What the task asks: Reproduce the whole listing that follows, character for character, and drop the images.

Records provided:
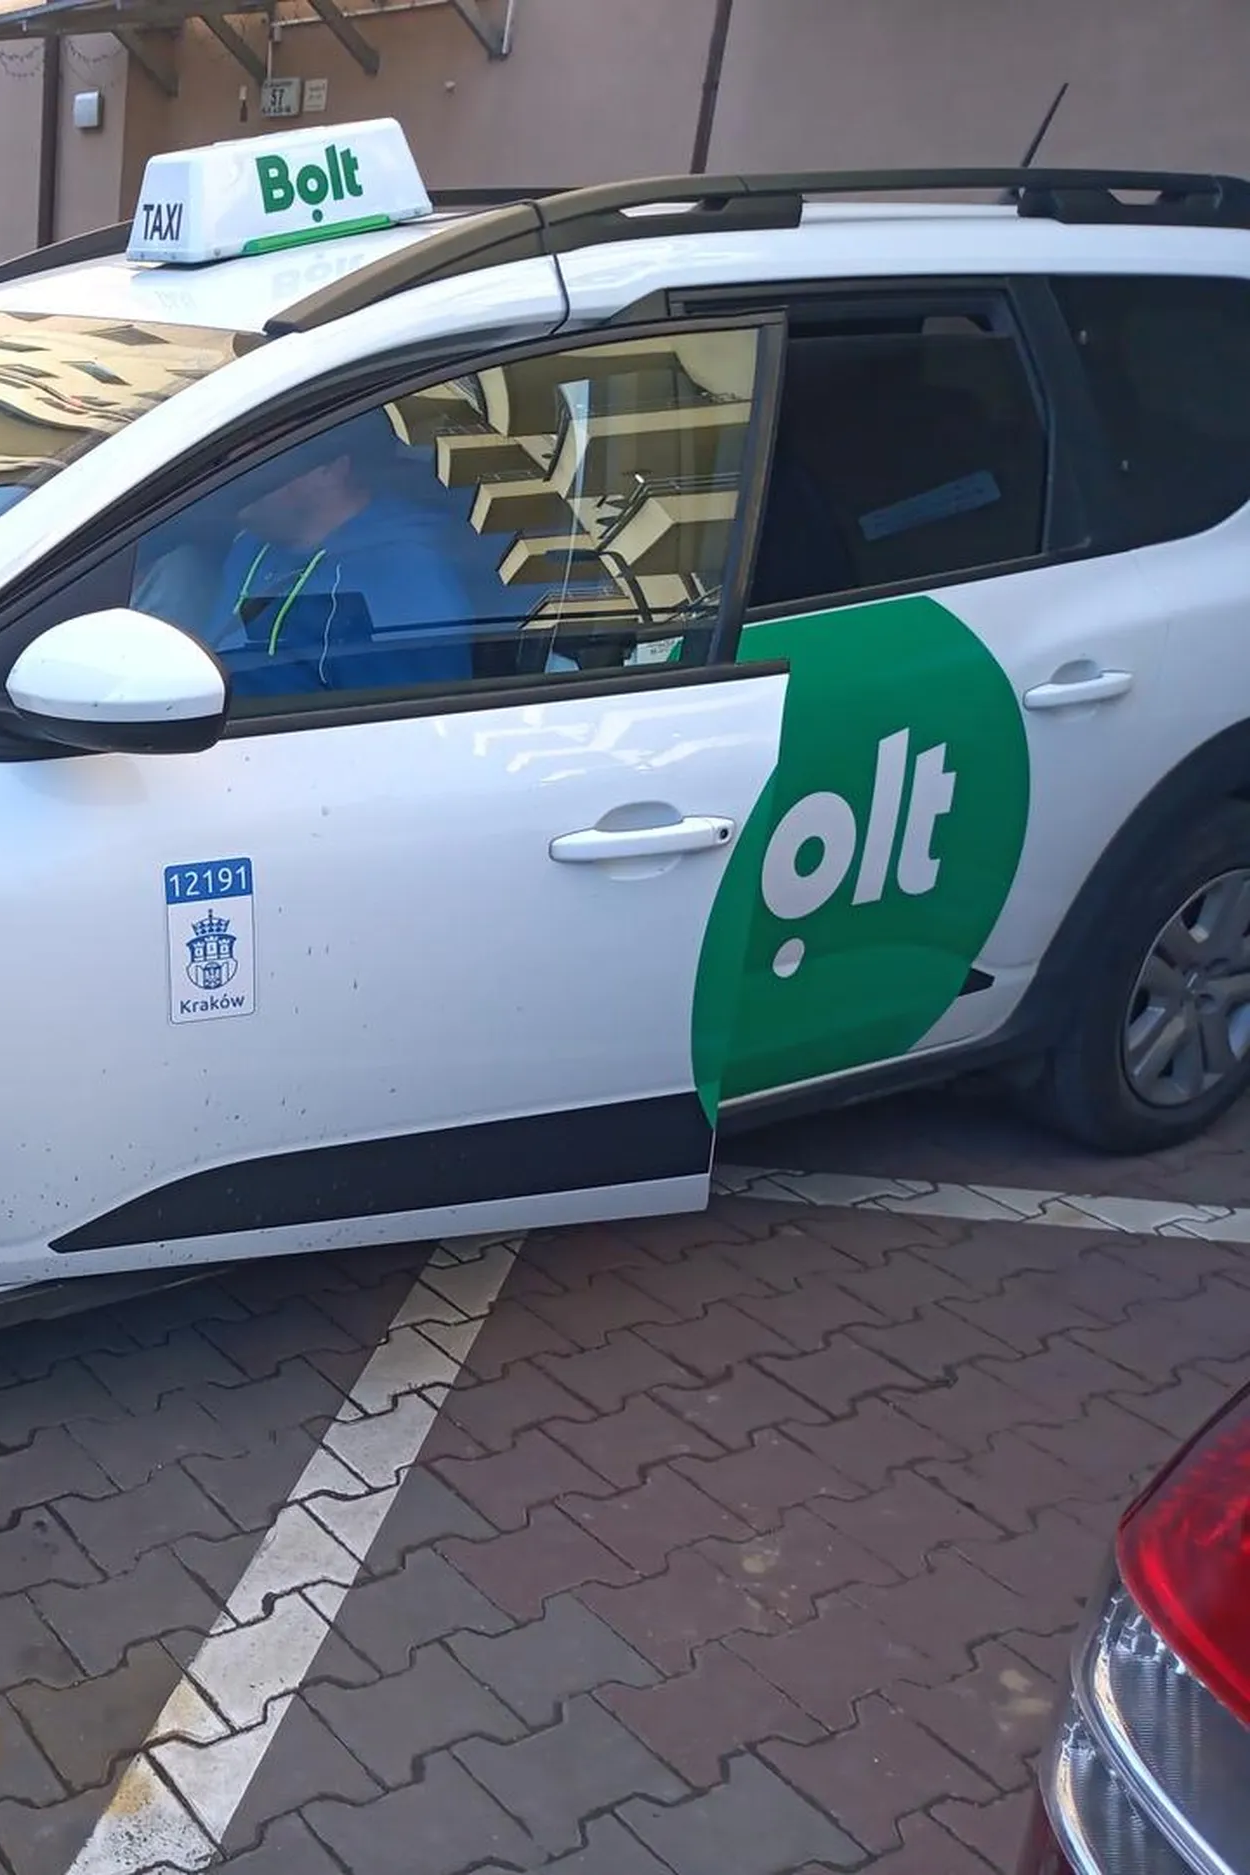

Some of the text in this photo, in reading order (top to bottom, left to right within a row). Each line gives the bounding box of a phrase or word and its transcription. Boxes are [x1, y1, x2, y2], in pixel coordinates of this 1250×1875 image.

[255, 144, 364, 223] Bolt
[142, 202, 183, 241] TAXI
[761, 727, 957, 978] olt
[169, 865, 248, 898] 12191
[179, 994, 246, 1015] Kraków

Written response:
Some of the text in this photo, in reading order (top to bottom, left to right within a row). Each line gives the bounding box of a phrase or word and its transcription. Boxes are [x1, y1, x2, y2], in pixel coordinates of this 1250×1875 image.

[255, 144, 364, 223] Bolt
[142, 202, 183, 241] TAXI
[761, 727, 957, 978] olt
[169, 865, 248, 898] 12191
[179, 994, 246, 1015] Kraków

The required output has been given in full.